SMS & Authentication: Security ConcernsEntrust's Taylor on the Need to Exceed SMS-Based OTP
India's high mobile penetration has meant a widespread adoption of SMS as a channel for two-factor authentication. Unlike developed economies, where the cost of text-based notification services may be high, India's competitive and booming telecom sector has ensured that SMS is the preferred channel for mobile banking and one-time passwords - even in the pre-smartphone era.
However, using the SMS channel today for two-factor authentication is suitable only for transactions that require a low level of assurance, says Chris Taylor, senior product manager for Entrust Datacard. "There are regions of the world that have moved away from the SMS channel because of vulnerabilities like SMS redirect, Zeus, Zitmo, etc., including many countries in the Asian region," he says.
With Digital India's plans for financial inclusion of India's unbanked millions, mobile-based services have been indicated to be the preferred channel for extending and creating services. With SMS expected to be at the forefront of such initiatives, security is an important challenge to consider.
On the enterprise side, there is still a high prevalence of username and password to establish identity, which is something enterprises will have to take into account as they move toward a more effective Identity and Access Management frameworks, Taylor says.
Taylor was in India to speak at a knowledge conclave organized by Information Security Media Group on securing digital identities. In this exclusive interview, he talks about some of the challenges facing the security landscape globally, drawing parallels in India, and stresses the need for stronger authentication and built-in security. Taylor also shares insight on:
- The challenges in implementing IAM and recommendations;
- Managing threats in the cloud;
- How to manage outsourced and third-party security.

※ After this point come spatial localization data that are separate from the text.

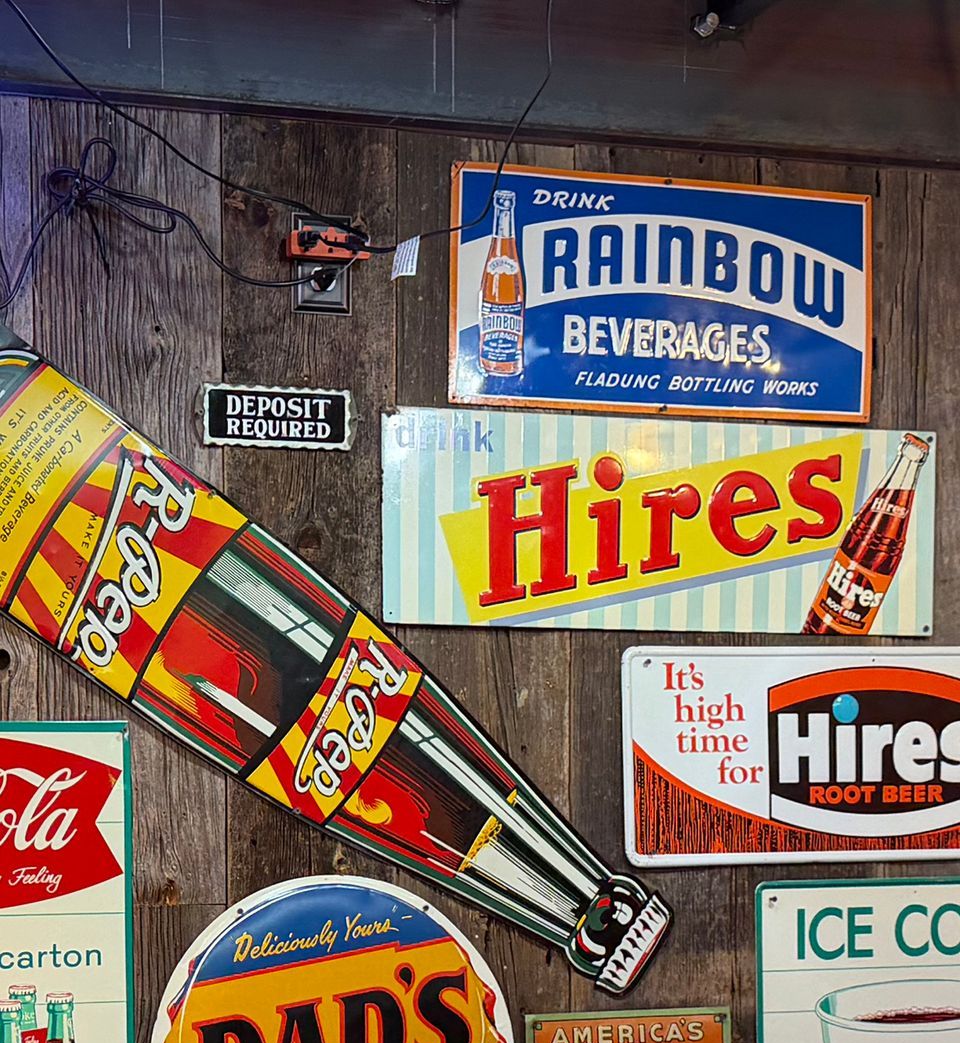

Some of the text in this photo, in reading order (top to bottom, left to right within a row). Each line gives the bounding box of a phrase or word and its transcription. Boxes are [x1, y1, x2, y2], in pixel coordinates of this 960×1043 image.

[532, 188, 615, 211] DRINK
[542, 223, 845, 329] RAINBOW
[562, 313, 773, 365] BEVERAGES
[52, 387, 69, 405] ACID
[575, 371, 819, 396] FLADUNG BOTTLING WORKS
[37, 404, 53, 421] AND
[60, 394, 79, 412] FROM
[226, 395, 332, 418] DEPOSIT
[8, 408, 27, 429] IT'S
[41, 412, 62, 433] OTHER
[54, 400, 88, 436] CONTAINS
[226, 418, 331, 440] REQUIRED
[21, 432, 43, 459] FRUITS
[395, 414, 494, 452] drink
[31, 435, 56, 463] PRUNE
[0, 430, 82, 542] A Carbonated Beverage
[13, 462, 33, 488] JUICE
[871, 497, 909, 517] Hires
[478, 454, 845, 607] Hires
[54, 511, 98, 619] MAKE IT YOURS
[827, 561, 883, 607] Hires
[663, 661, 705, 691] It's
[674, 694, 746, 730] high
[676, 727, 749, 754] time
[717, 755, 764, 785] for
[809, 784, 944, 805] ROOT BEER
[9, 866, 62, 893] Feeling
[797, 906, 875, 960] ICE
[0, 944, 102, 970] carton

Taylor is Senior Product Manager at Entrust Datacard, managing the Entrust IdentityGuard product line - the company's flagship authentication platform. He specializes in many facets of identity-based security spanning strong authentication, mobile, cloud, smartcard technology and digital certificates. His engagement with customers, partners and industry analysts on market direction and technology trends is a top priority and Taylor is a frequent speaker at security and industry-specific events.